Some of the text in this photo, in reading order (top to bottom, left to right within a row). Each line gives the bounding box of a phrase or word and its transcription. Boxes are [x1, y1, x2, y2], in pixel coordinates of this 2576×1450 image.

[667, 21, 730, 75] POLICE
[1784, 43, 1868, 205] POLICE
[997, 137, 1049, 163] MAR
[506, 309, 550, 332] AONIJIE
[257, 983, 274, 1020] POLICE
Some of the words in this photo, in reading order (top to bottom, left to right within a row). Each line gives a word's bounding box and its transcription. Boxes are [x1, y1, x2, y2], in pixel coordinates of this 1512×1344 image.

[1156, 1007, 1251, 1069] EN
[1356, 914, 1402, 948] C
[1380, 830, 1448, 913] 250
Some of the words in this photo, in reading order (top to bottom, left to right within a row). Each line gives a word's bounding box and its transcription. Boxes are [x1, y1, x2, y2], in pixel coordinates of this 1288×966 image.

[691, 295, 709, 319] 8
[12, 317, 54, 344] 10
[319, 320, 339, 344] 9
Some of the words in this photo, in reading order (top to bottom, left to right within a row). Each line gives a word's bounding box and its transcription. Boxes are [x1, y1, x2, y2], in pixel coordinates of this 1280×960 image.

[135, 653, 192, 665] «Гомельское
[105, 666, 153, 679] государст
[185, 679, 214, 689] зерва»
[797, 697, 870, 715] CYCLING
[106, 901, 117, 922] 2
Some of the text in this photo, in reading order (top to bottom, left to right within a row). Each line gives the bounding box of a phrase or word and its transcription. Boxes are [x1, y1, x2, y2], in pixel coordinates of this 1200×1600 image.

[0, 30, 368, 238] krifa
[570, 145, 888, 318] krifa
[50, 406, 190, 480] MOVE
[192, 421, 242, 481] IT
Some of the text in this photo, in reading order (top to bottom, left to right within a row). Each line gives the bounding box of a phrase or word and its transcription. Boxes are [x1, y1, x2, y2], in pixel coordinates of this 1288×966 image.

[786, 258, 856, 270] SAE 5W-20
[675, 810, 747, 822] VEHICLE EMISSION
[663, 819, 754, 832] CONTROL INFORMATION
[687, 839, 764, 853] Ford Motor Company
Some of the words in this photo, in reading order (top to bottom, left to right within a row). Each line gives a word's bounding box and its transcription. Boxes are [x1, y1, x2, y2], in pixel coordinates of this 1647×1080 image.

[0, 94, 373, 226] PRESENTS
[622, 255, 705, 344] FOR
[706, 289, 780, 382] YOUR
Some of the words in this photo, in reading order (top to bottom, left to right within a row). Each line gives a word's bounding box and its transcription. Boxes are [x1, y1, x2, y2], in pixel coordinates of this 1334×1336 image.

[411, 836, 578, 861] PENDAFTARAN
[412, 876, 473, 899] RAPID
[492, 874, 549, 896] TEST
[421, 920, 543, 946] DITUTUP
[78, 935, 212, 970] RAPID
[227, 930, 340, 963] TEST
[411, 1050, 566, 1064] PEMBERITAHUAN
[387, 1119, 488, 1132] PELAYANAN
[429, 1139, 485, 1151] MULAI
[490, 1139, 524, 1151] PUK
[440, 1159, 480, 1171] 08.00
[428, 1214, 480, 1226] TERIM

The task: Would you output the full listing exactly as given?

Result of the task:
Some of the text in this photo, in reading order (top to bottom, left to right within a row). Each line gives the bounding box of a phrase or word and its transcription. Boxes are [x1, y1, x2, y2], in pixel coordinates of this 2576×1450 image.

[667, 21, 730, 75] POLICE
[1784, 43, 1868, 205] POLICE
[997, 137, 1049, 163] MAR
[506, 309, 550, 332] AONIJIE
[257, 983, 274, 1020] POLICE
Some of the words in this photo, in reading order (top to bottom, left to right within a row). Each line gives a word's bounding box and its transcription. Boxes are [x1, y1, x2, y2], in pixel coordinates of this 1512×1344 image.

[1156, 1007, 1251, 1069] EN
[1356, 914, 1402, 948] C
[1380, 830, 1448, 913] 250
Some of the words in this photo, in reading order (top to bottom, left to right within a row). Each line gives a word's bounding box and its transcription. Boxes are [x1, y1, x2, y2], in pixel coordinates of this 1288×966 image.

[691, 295, 709, 319] 8
[12, 317, 54, 344] 10
[319, 320, 339, 344] 9
Some of the words in this photo, in reading order (top to bottom, left to right within a row). Each line gives a word's bounding box and its transcription. Boxes are [x1, y1, x2, y2], in pixel coordinates of this 1280×960 image.

[135, 653, 192, 665] «Гомельское
[105, 666, 153, 679] государст
[185, 679, 214, 689] зерва»
[797, 697, 870, 715] CYCLING
[106, 901, 117, 922] 2
Some of the text in this photo, in reading order (top to bottom, left to right within a row). Each line gives the bounding box of a phrase or word and its transcription. Boxes are [x1, y1, x2, y2], in pixel coordinates of this 1200×1600 image.

[0, 30, 368, 238] krifa
[570, 145, 888, 318] krifa
[50, 406, 190, 480] MOVE
[192, 421, 242, 481] IT
Some of the text in this photo, in reading order (top to bottom, left to right within a row). Each line gives the bounding box of a phrase or word and its transcription. Boxes are [x1, y1, x2, y2], in pixel coordinates of this 1288×966 image.

[786, 258, 856, 270] SAE 5W-20
[675, 810, 747, 822] VEHICLE EMISSION
[663, 819, 754, 832] CONTROL INFORMATION
[687, 839, 764, 853] Ford Motor Company
Some of the words in this photo, in reading order (top to bottom, left to right within a row). Each line gives a word's bounding box and its transcription. Boxes are [x1, y1, x2, y2], in pixel coordinates of this 1647×1080 image.

[0, 94, 373, 226] PRESENTS
[622, 255, 705, 344] FOR
[706, 289, 780, 382] YOUR
Some of the words in this photo, in reading order (top to bottom, left to right within a row). Each line gives a word's bounding box and its transcription. Boxes are [x1, y1, x2, y2], in pixel coordinates of this 1334×1336 image.

[411, 836, 578, 861] PENDAFTARAN
[412, 876, 473, 899] RAPID
[492, 874, 549, 896] TEST
[421, 920, 543, 946] DITUTUP
[78, 935, 212, 970] RAPID
[227, 930, 340, 963] TEST
[411, 1050, 566, 1064] PEMBERITAHUAN
[387, 1119, 488, 1132] PELAYANAN
[429, 1139, 485, 1151] MULAI
[490, 1139, 524, 1151] PUK
[440, 1159, 480, 1171] 08.00
[428, 1214, 480, 1226] TERIM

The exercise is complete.